SUPPLIED INFORMATION START

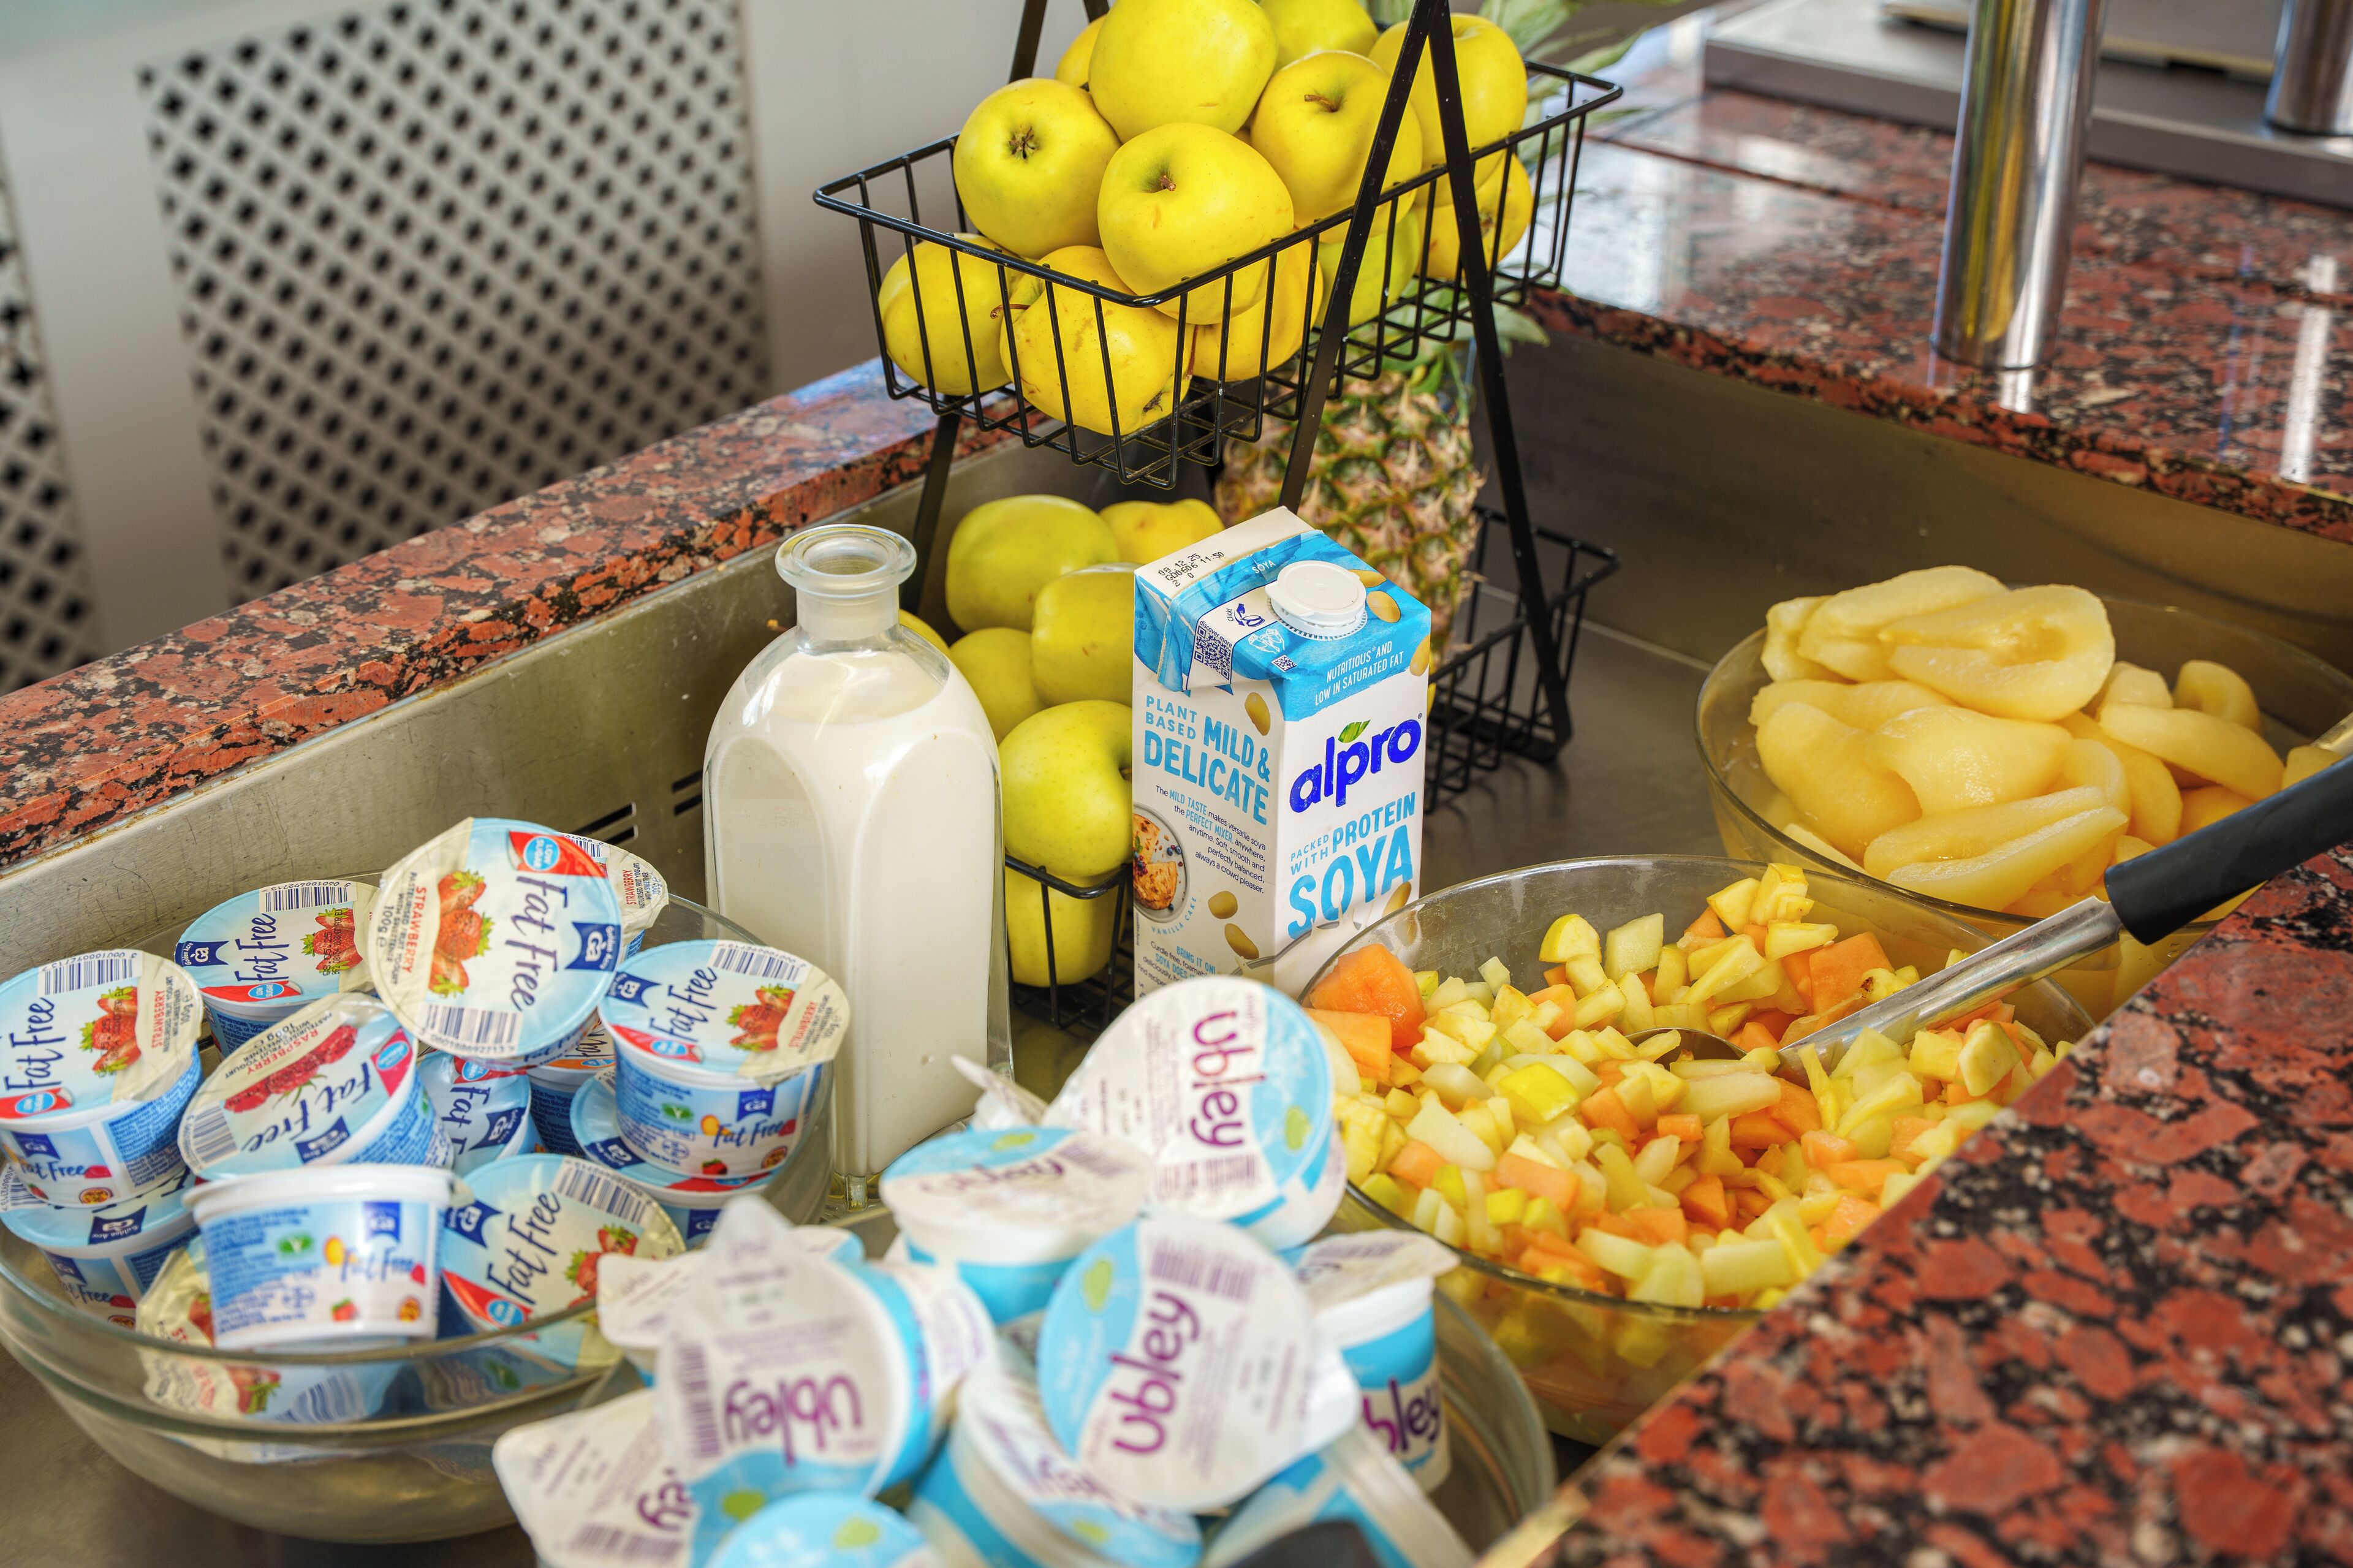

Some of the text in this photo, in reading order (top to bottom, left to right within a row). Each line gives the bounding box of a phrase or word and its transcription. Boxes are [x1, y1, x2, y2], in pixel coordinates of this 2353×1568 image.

[1200, 551, 1225, 564] 11:50
[1251, 559, 1276, 574] SOYA
[1226, 608, 1234, 622] Click!
[1199, 620, 1233, 648] discover more
[1376, 640, 1392, 659] AND
[1314, 651, 1404, 706] LOW IN SATURATED FAT
[1145, 711, 1197, 740] BASED
[1146, 695, 1197, 724] PLANT
[1203, 715, 1270, 783] MILD &
[1289, 719, 1422, 814] alpro
[1143, 729, 1269, 826] DELICATE
[1156, 785, 1266, 851] The MILD TASTE makes versatile soya
[1174, 805, 1185, 816] the
[1185, 809, 1213, 831] PERFECT
[1235, 838, 1265, 862] anywhere,
[1290, 791, 1415, 876] WITH PROTEIN
[534, 839, 544, 869] SUGAR
[545, 844, 554, 865] LOW
[1189, 824, 1265, 873] anytime. Soft, smooth and
[1207, 846, 1265, 884] perfectly balanced,
[1290, 834, 1329, 862] PACKED
[623, 869, 637, 906] STRAWBERRY
[1195, 851, 1216, 868] always
[1221, 866, 1239, 881] crowd
[1239, 877, 1264, 894] pleaser.
[1287, 824, 1413, 941] SOYA
[403, 871, 418, 926] PASTEURISED
[1151, 922, 1184, 935] VANILLA
[1184, 896, 1197, 921] CAKE
[235, 913, 290, 950] Free
[377, 905, 394, 935] 100g
[401, 885, 427, 975] STRAWBERRY
[183, 941, 194, 966] Golden Acre
[505, 876, 568, 1012] Fat Free
[1150, 941, 1169, 956] Curdle
[1169, 952, 1181, 966] free,
[1176, 945, 1216, 974] BRING IT ON!
[233, 951, 290, 982] Fat
[1137, 963, 1148, 975] Find
[1142, 956, 1173, 980] deliciously,
[1155, 953, 1170, 969] SOYA
[1172, 963, 1188, 979] DOES
[254, 987, 263, 997] LOW
[265, 983, 274, 998] SUGAR
[666, 967, 718, 1010] Free
[151, 990, 165, 1050] STRAWBERRY
[181, 1004, 194, 1026] 100g
[284, 1013, 333, 1044] PASTEURISED
[289, 1020, 311, 1035] WITH
[648, 1006, 708, 1043] Fat
[789, 1000, 819, 1050] STRAWBERRY
[4, 997, 67, 1091] Fat Free
[246, 1029, 320, 1075] RASPBERRY
[261, 1045, 282, 1059] FRUIT
[224, 1053, 261, 1079] YOGURT
[1189, 1009, 1267, 1150] Ubley
[314, 1061, 373, 1114] Fat
[241, 1099, 311, 1153] Free
[441, 1086, 491, 1129] Fat
[713, 1119, 784, 1149] Fat Free
[46, 1161, 86, 1182] Free
[486, 1192, 562, 1305] Fat Free
[77, 1284, 112, 1304] Free
[1108, 1290, 1201, 1456] Ubley
[723, 1374, 863, 1468] Ubley
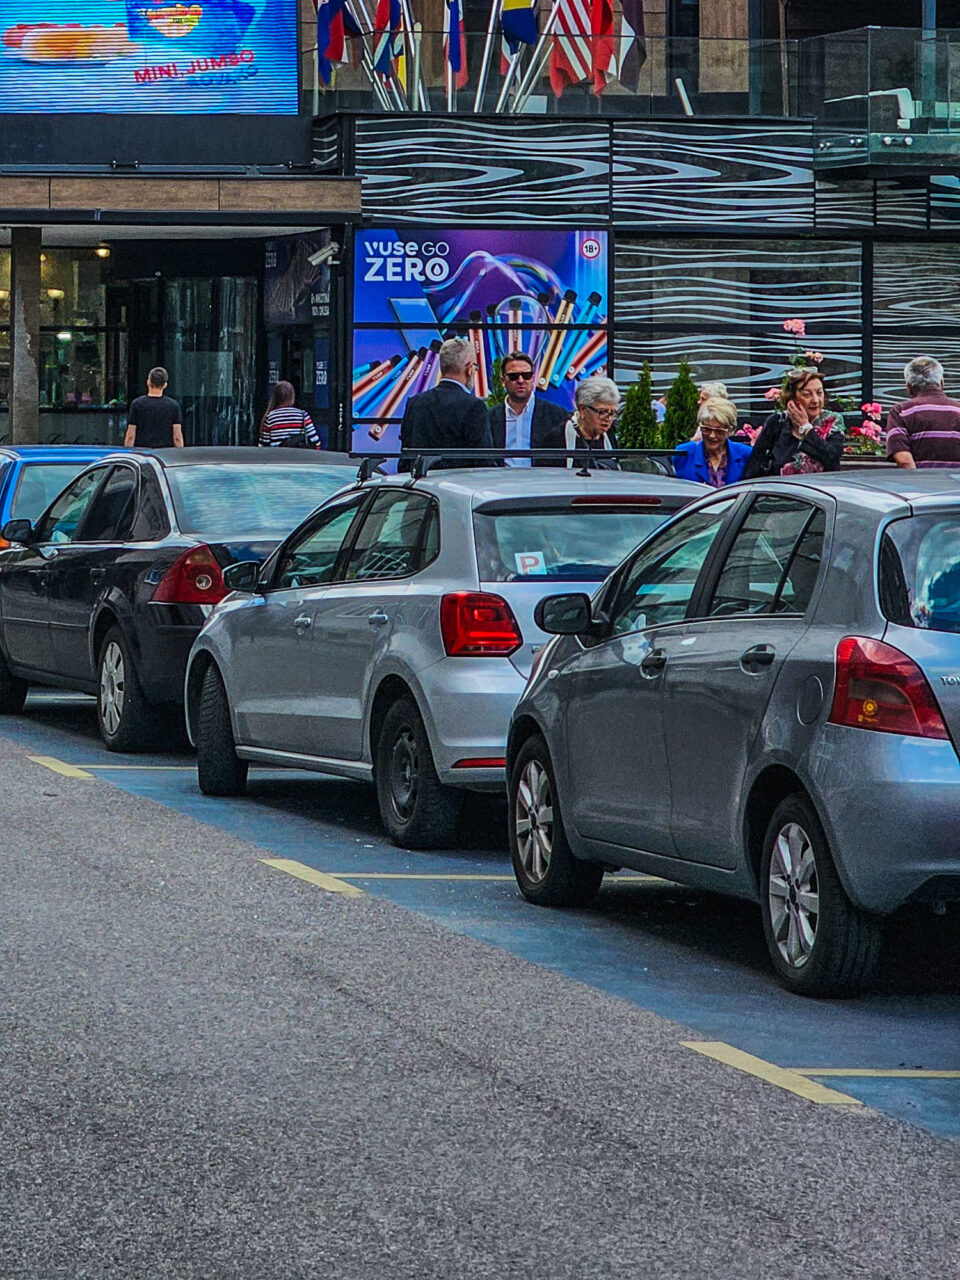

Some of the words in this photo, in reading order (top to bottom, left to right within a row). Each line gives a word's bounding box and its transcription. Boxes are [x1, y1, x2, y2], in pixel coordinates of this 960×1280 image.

[133, 63, 179, 83] MINI
[187, 49, 255, 74] JUMBO
[421, 241, 450, 256] GO
[584, 244, 598, 253] 18+
[364, 257, 450, 282] ZERO
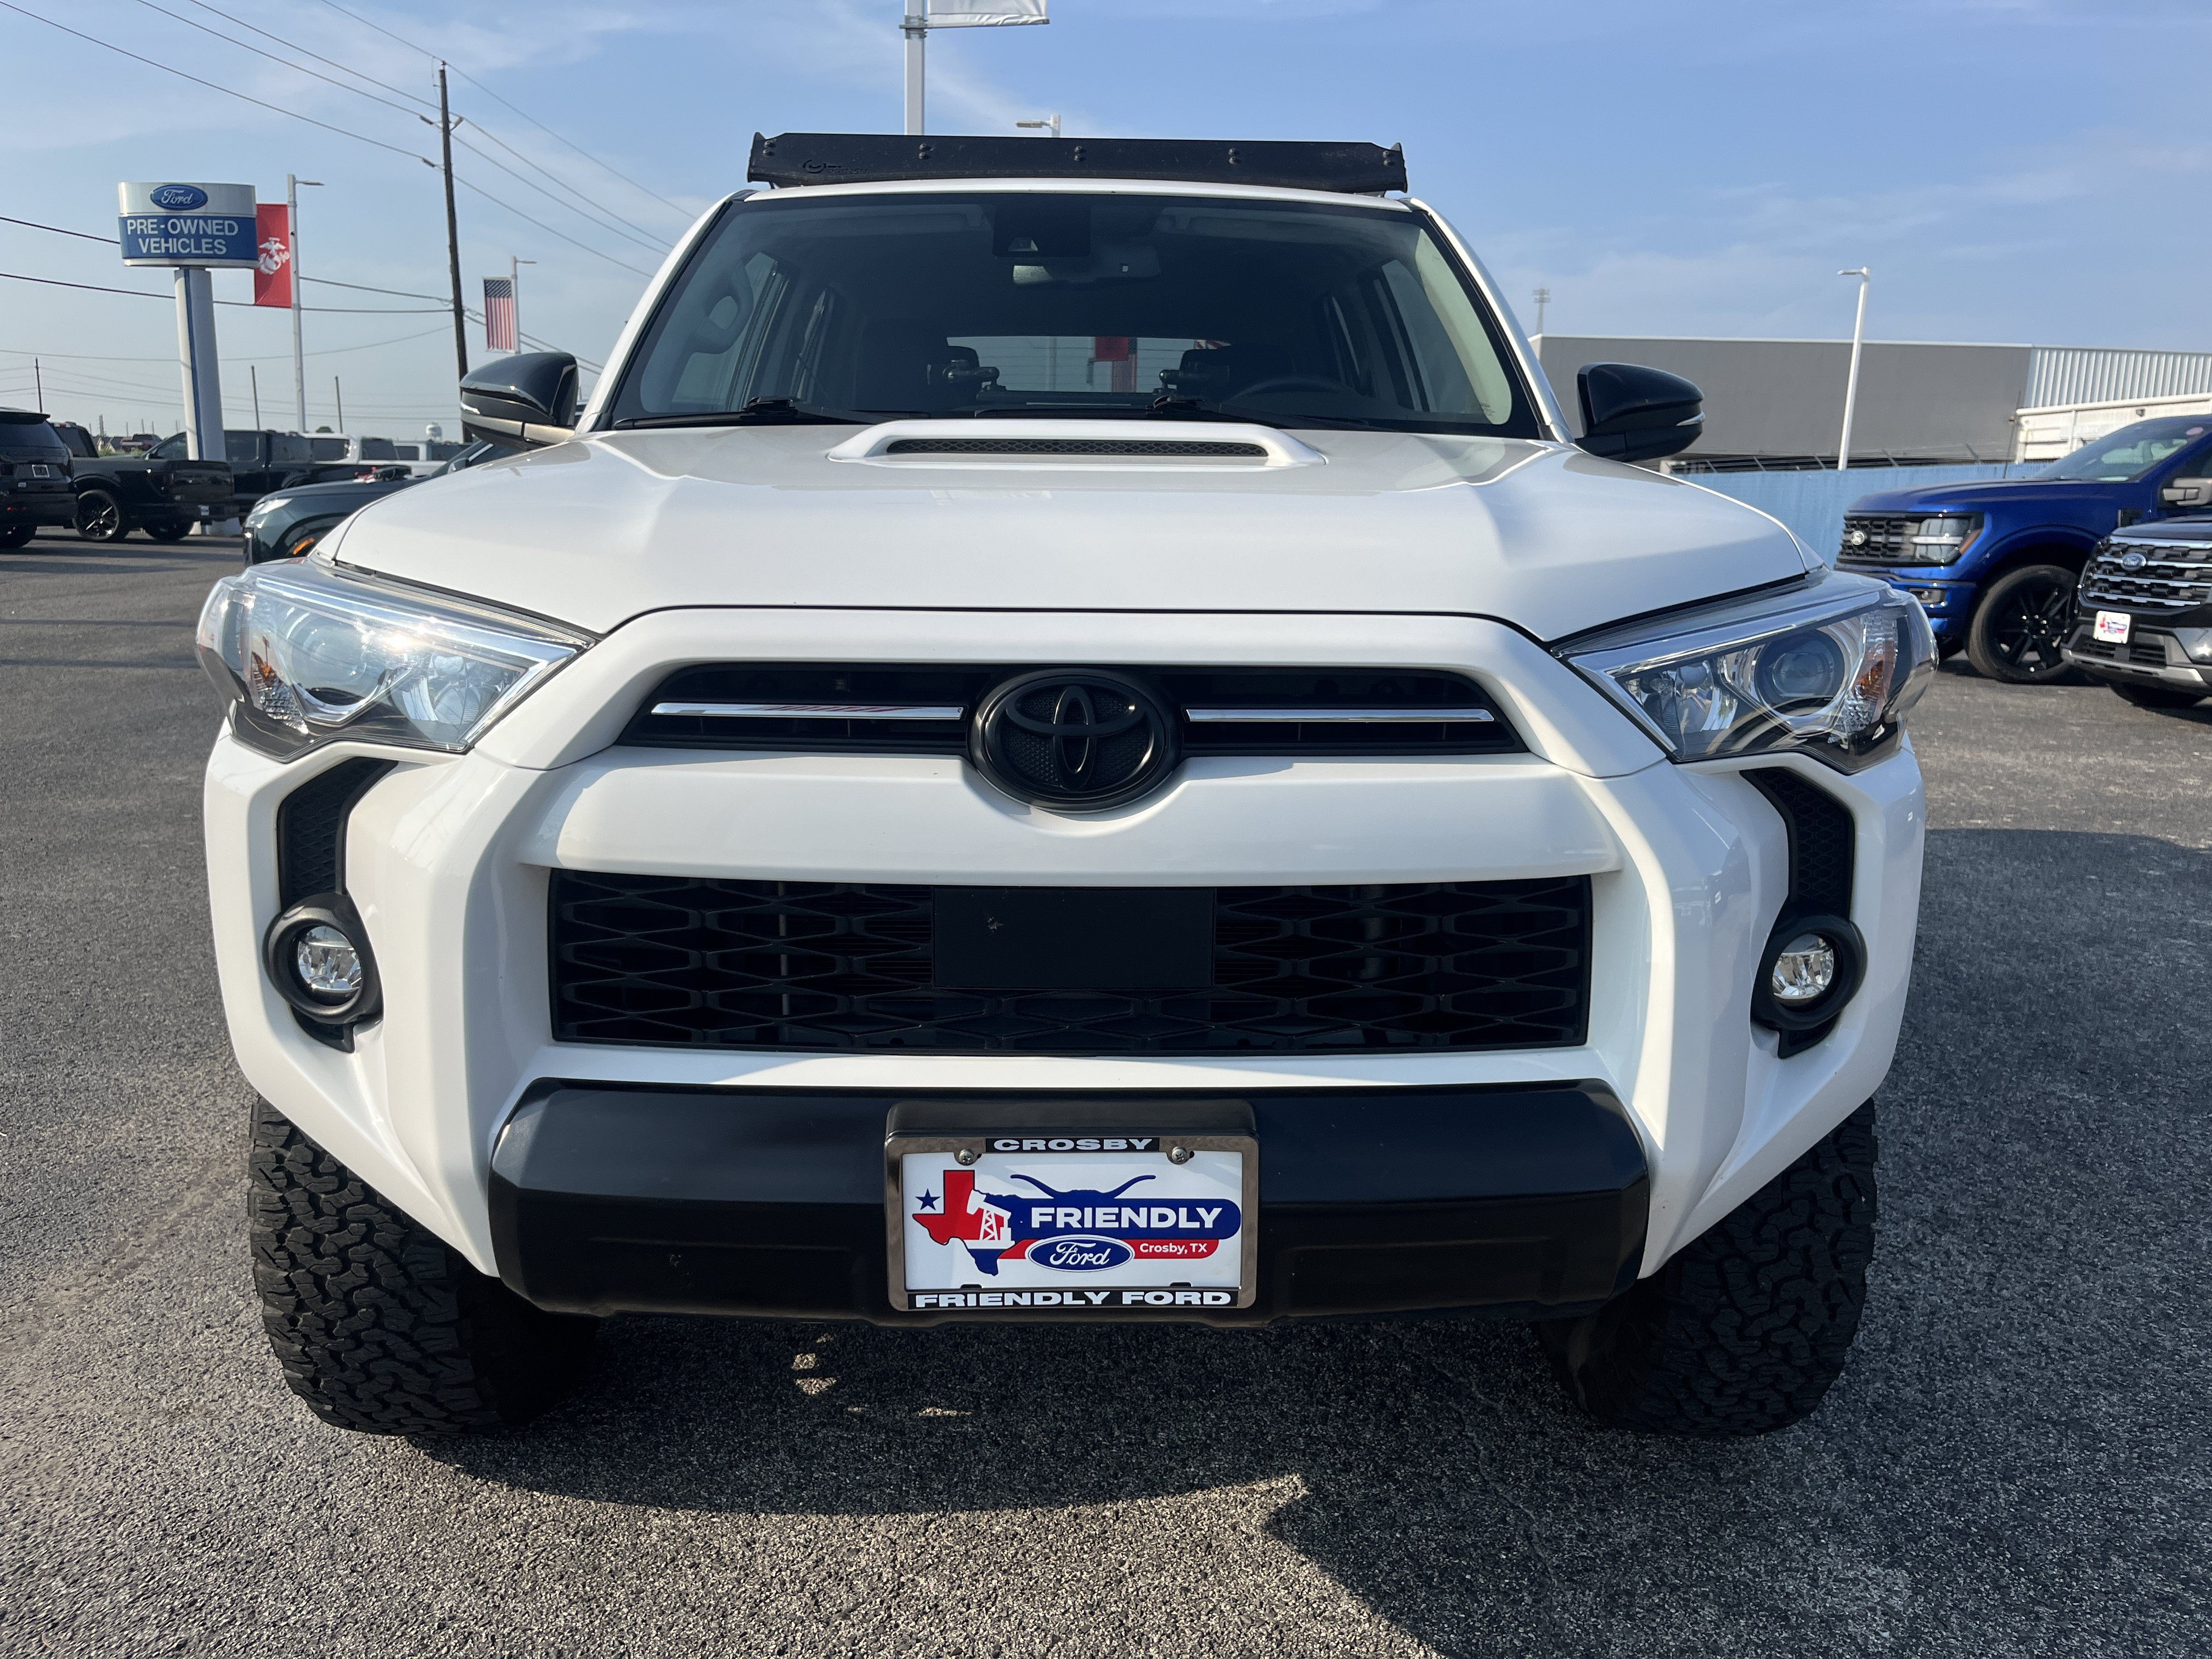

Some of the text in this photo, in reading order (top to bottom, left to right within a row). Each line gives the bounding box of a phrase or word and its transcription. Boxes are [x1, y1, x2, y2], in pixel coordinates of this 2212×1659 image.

[161, 188, 194, 205] Ford
[126, 218, 239, 236] PRE-OWNED
[138, 238, 227, 255] VEHICLES
[993, 1138, 1153, 1152] CROSBY
[1031, 1207, 1223, 1229] FRIENDLY
[1049, 1241, 1111, 1266] Ford
[1139, 1242, 1208, 1255] Crosby, TX
[915, 1291, 1232, 1308] FRIENDLY FORD

SUPPLIED INFORMATION END

Each line from the one with "this 2212×1659 image." through the last line of the material is to be retyped exactly, and no other line is.

Some of the text in this photo, in reading order (top to bottom, left to right within a row). Each line gives the bounding box of a phrase or word and its transcription. Boxes are [x1, y1, x2, y2], in pixel coordinates of this 2212×1659 image.

[161, 188, 194, 205] Ford
[126, 218, 239, 236] PRE-OWNED
[138, 238, 227, 255] VEHICLES
[993, 1138, 1153, 1152] CROSBY
[1031, 1207, 1223, 1229] FRIENDLY
[1049, 1241, 1111, 1266] Ford
[1139, 1242, 1208, 1255] Crosby, TX
[915, 1291, 1232, 1308] FRIENDLY FORD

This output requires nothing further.